**What you will do**.
Beginning with the line where "this 1280×1440 image." appears, repeat every remaining line of the entries exactly, the last line included.

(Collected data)

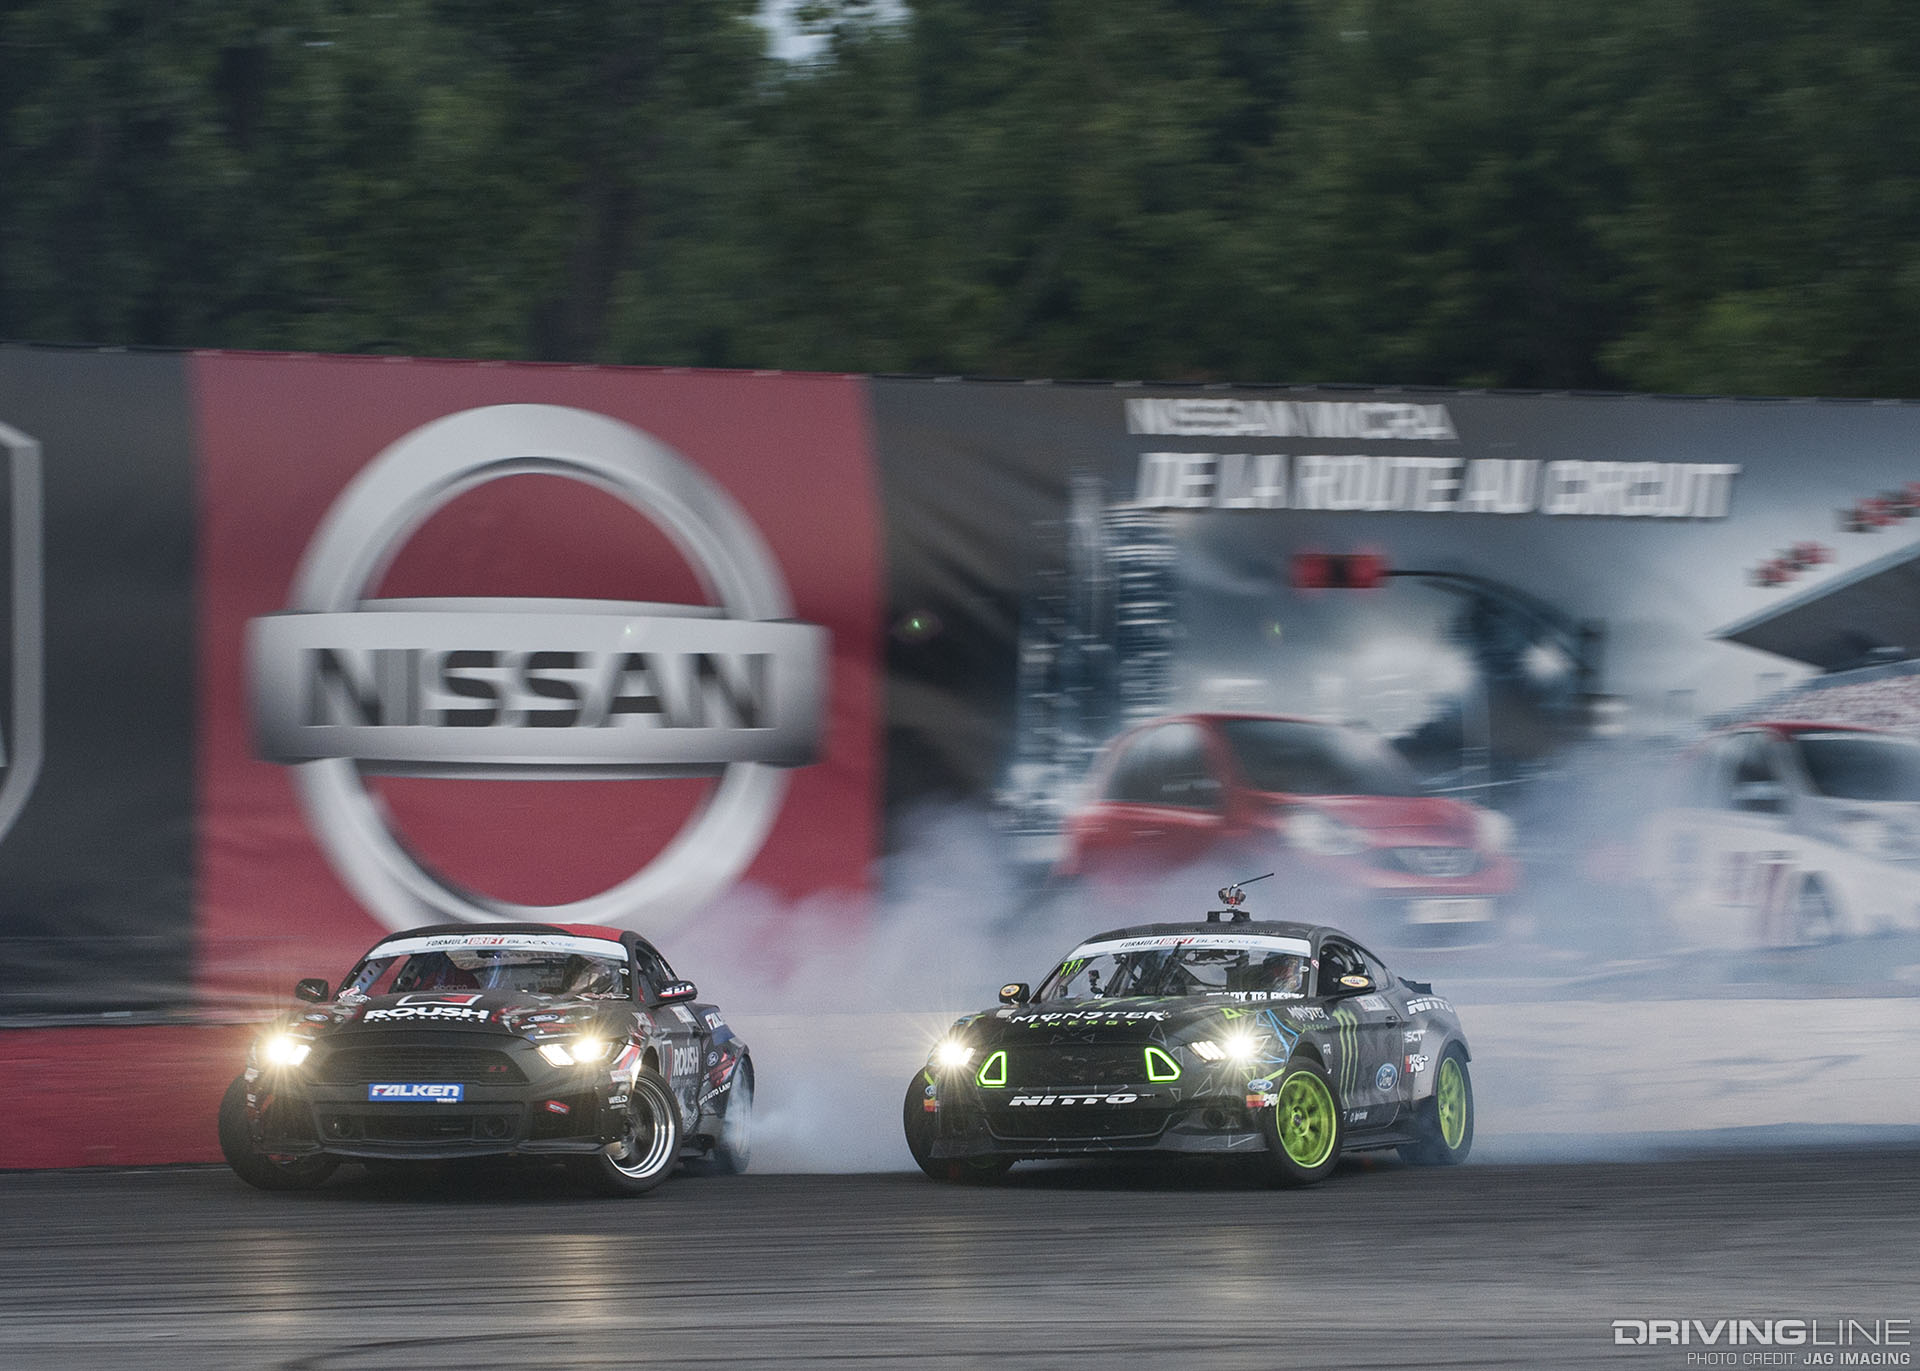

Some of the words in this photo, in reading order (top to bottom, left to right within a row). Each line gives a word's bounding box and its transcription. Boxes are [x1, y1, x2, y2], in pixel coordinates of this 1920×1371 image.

[1137, 453, 1216, 508] DE
[1217, 454, 1289, 510] LA
[1290, 455, 1464, 513] ROUTE
[1455, 459, 1546, 515] AU
[1541, 460, 1743, 519] CIRCUIT
[302, 648, 776, 728] NISSAN
[364, 1007, 489, 1020] ROUSH
[1011, 1011, 1172, 1023] MONSTER
[1029, 1020, 1137, 1029] ENERGY
[673, 1046, 699, 1076] ROUSH
[372, 1084, 460, 1097] FALKEN
[1009, 1094, 1138, 1106] NITTO
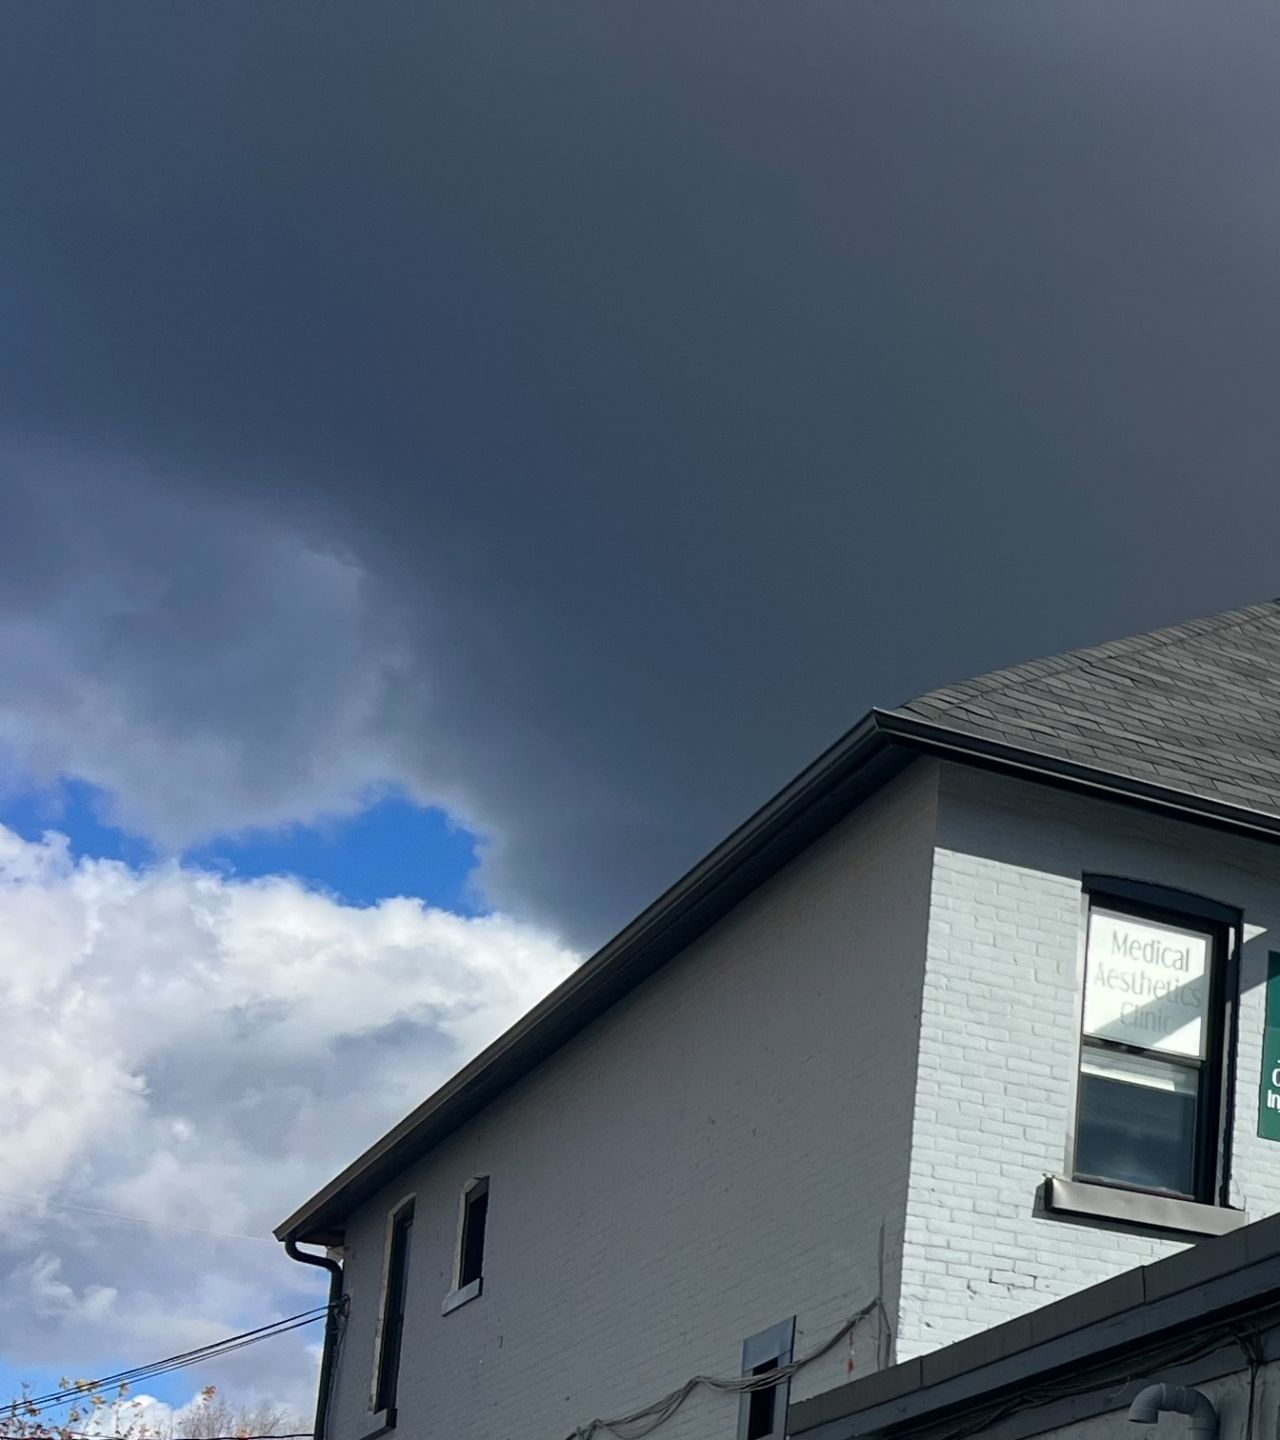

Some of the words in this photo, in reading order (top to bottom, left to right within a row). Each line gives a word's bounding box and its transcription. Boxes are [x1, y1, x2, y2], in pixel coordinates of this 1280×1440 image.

[1110, 929, 1191, 973] Medical
[1094, 960, 1201, 1009] Aesthetics
[1119, 1001, 1174, 1034] Clinic

**Exercise result**.
Some of the words in this photo, in reading order (top to bottom, left to right within a row). Each line gives a word's bounding box and its transcription. Boxes are [x1, y1, x2, y2], in pixel coordinates of this 1280×1440 image.

[1110, 929, 1191, 973] Medical
[1094, 960, 1201, 1009] Aesthetics
[1119, 1001, 1174, 1034] Clinic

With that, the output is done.